Records for processing:
—————

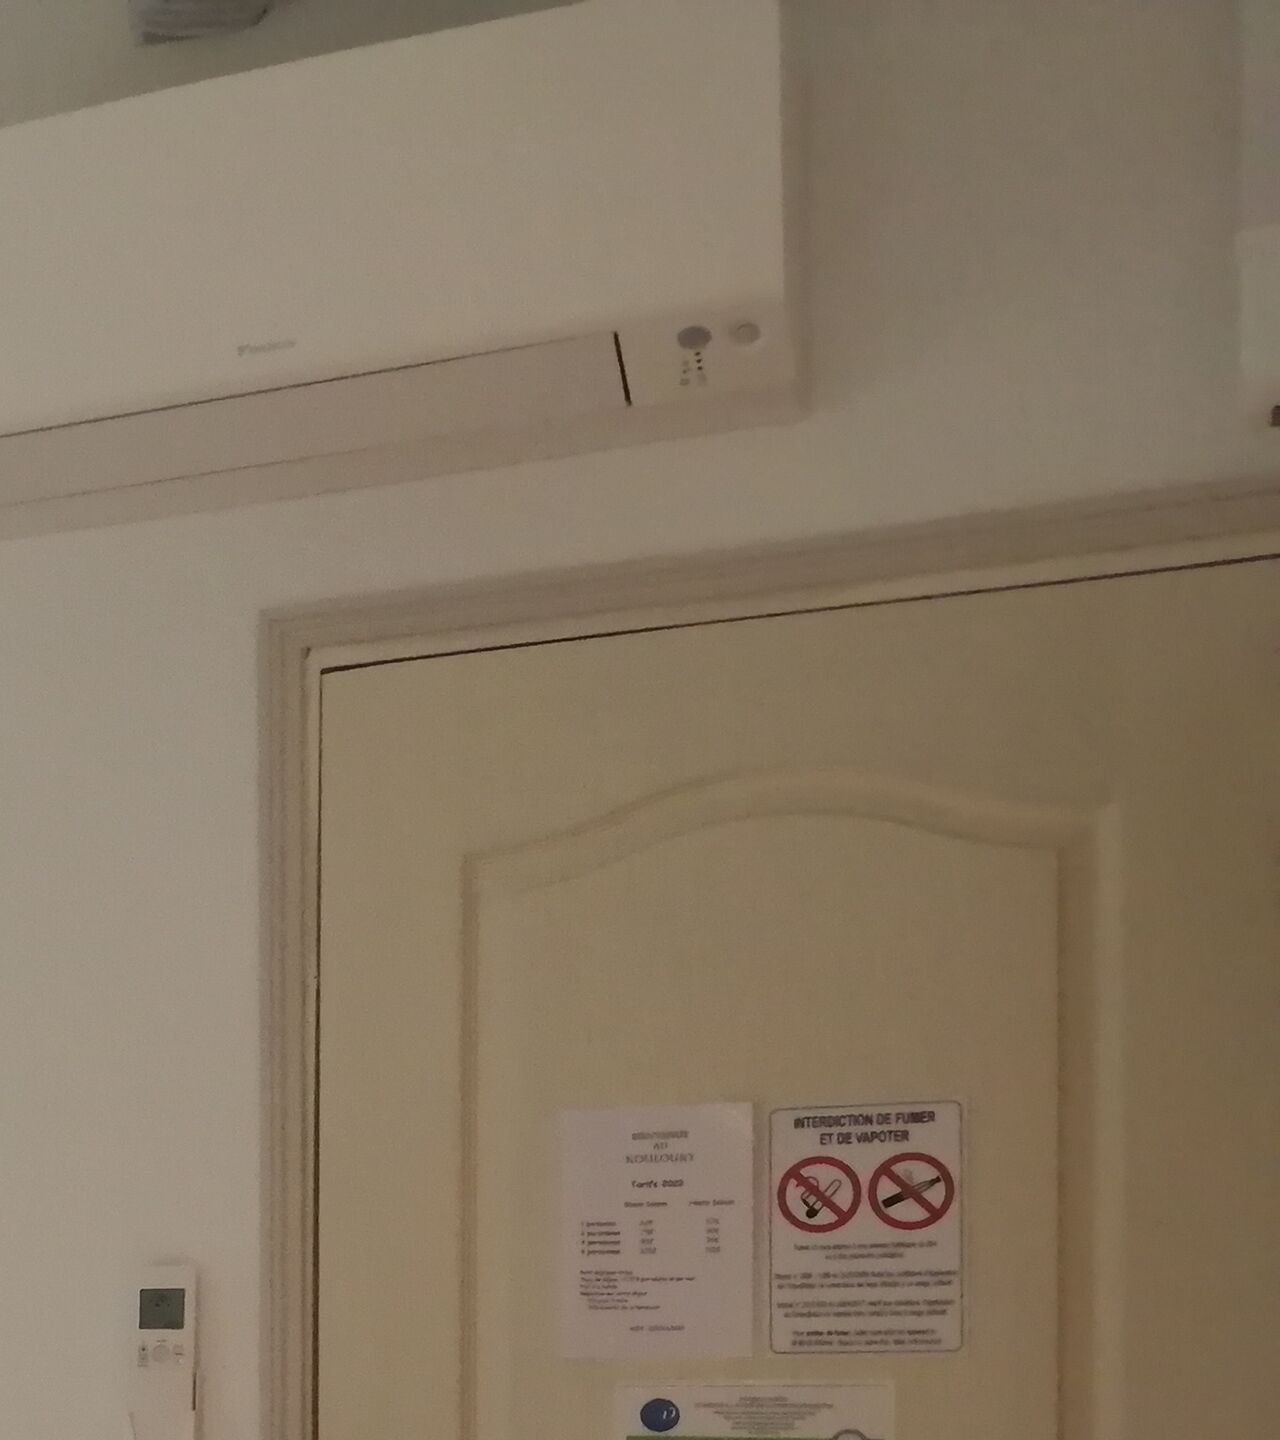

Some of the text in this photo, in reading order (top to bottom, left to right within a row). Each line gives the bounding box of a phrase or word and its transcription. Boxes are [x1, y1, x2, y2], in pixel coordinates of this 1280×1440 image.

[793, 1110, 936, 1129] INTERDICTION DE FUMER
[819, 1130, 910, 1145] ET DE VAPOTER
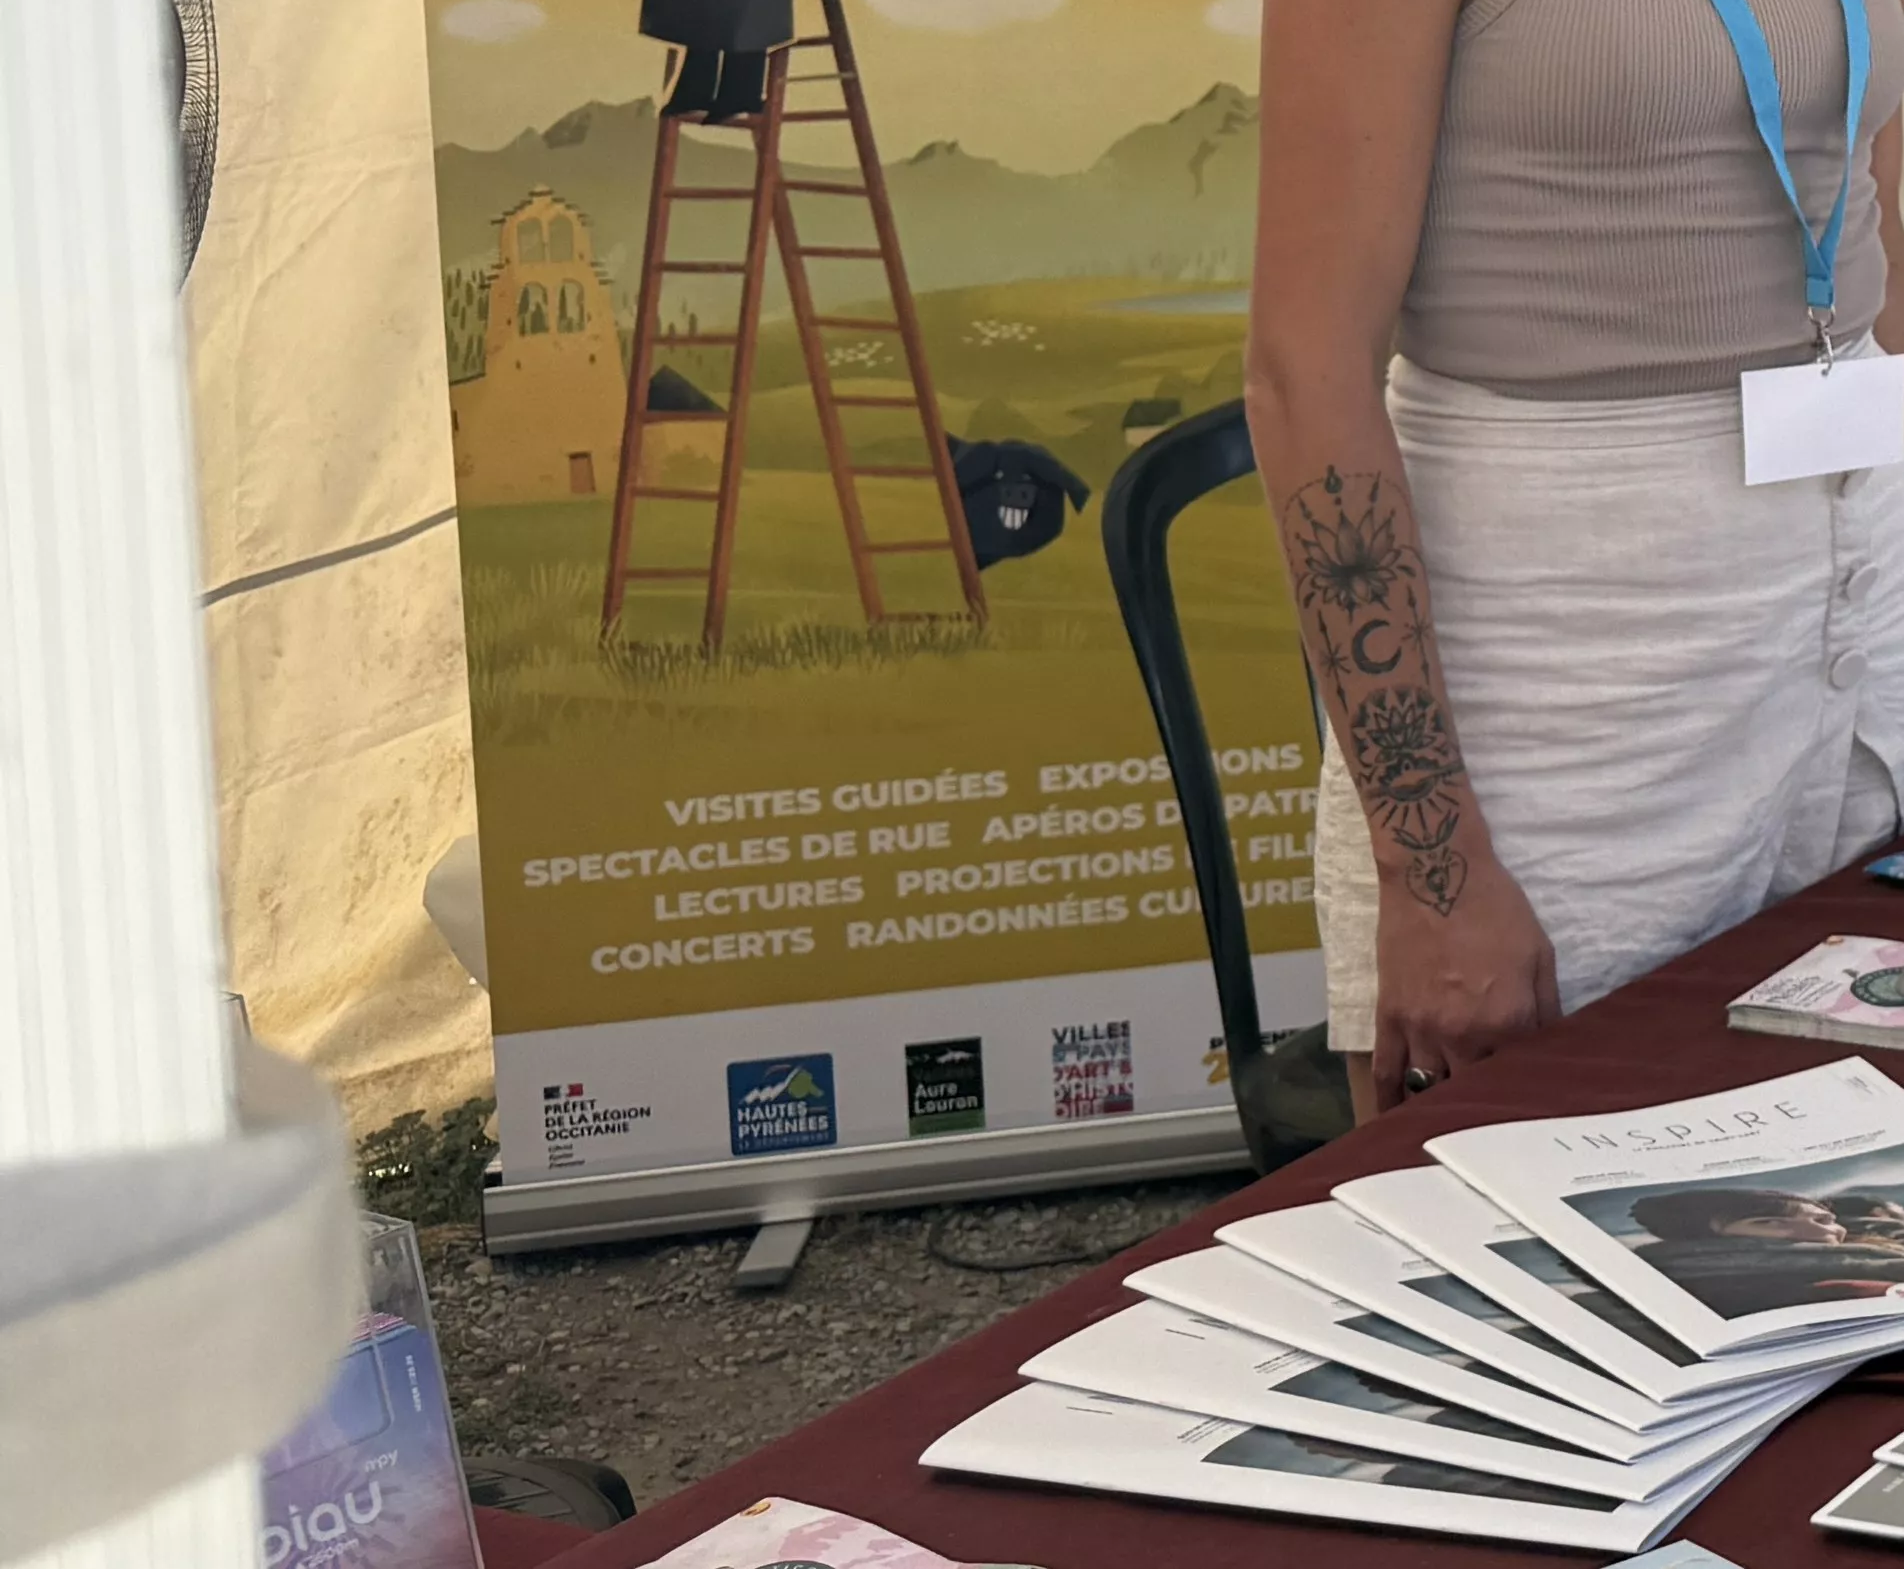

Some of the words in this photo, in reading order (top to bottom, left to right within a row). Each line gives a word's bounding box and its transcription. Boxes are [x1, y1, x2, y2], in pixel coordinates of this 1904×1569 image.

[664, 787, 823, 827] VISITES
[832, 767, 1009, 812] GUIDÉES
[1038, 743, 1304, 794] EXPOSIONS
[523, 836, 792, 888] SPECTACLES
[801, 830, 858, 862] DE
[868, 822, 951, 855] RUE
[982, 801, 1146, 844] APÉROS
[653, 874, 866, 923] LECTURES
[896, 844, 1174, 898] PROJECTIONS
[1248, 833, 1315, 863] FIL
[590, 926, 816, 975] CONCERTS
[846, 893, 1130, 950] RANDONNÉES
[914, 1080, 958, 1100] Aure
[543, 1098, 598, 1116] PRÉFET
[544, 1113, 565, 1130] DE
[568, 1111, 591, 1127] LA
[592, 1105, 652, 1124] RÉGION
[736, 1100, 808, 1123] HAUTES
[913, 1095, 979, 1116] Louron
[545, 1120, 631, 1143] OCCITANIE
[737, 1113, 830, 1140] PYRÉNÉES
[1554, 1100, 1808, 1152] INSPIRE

—————

Restate the listing word for word, pictures omitted.

Some of the text in this photo, in reading order (top to bottom, left to right within a row). Each line gives the bounding box of a phrase or word and its transcription. Boxes are [x1, y1, x2, y2], in pixel coordinates of this 1280×1440 image.

[793, 1110, 936, 1129] INTERDICTION DE FUMER
[819, 1130, 910, 1145] ET DE VAPOTER

Some of the words in this photo, in reading order (top to bottom, left to right within a row). Each line gives a word's bounding box and its transcription. Boxes are [x1, y1, x2, y2], in pixel coordinates of this 1904×1569 image.

[664, 787, 823, 827] VISITES
[832, 767, 1009, 812] GUIDÉES
[1038, 743, 1304, 794] EXPOSIONS
[523, 836, 792, 888] SPECTACLES
[801, 830, 858, 862] DE
[868, 822, 951, 855] RUE
[982, 801, 1146, 844] APÉROS
[653, 874, 866, 923] LECTURES
[896, 844, 1174, 898] PROJECTIONS
[1248, 833, 1315, 863] FIL
[590, 926, 816, 975] CONCERTS
[846, 893, 1130, 950] RANDONNÉES
[914, 1080, 958, 1100] Aure
[543, 1098, 598, 1116] PRÉFET
[544, 1113, 565, 1130] DE
[568, 1111, 591, 1127] LA
[592, 1105, 652, 1124] RÉGION
[736, 1100, 808, 1123] HAUTES
[913, 1095, 979, 1116] Louron
[545, 1120, 631, 1143] OCCITANIE
[737, 1113, 830, 1140] PYRÉNÉES
[1554, 1100, 1808, 1152] INSPIRE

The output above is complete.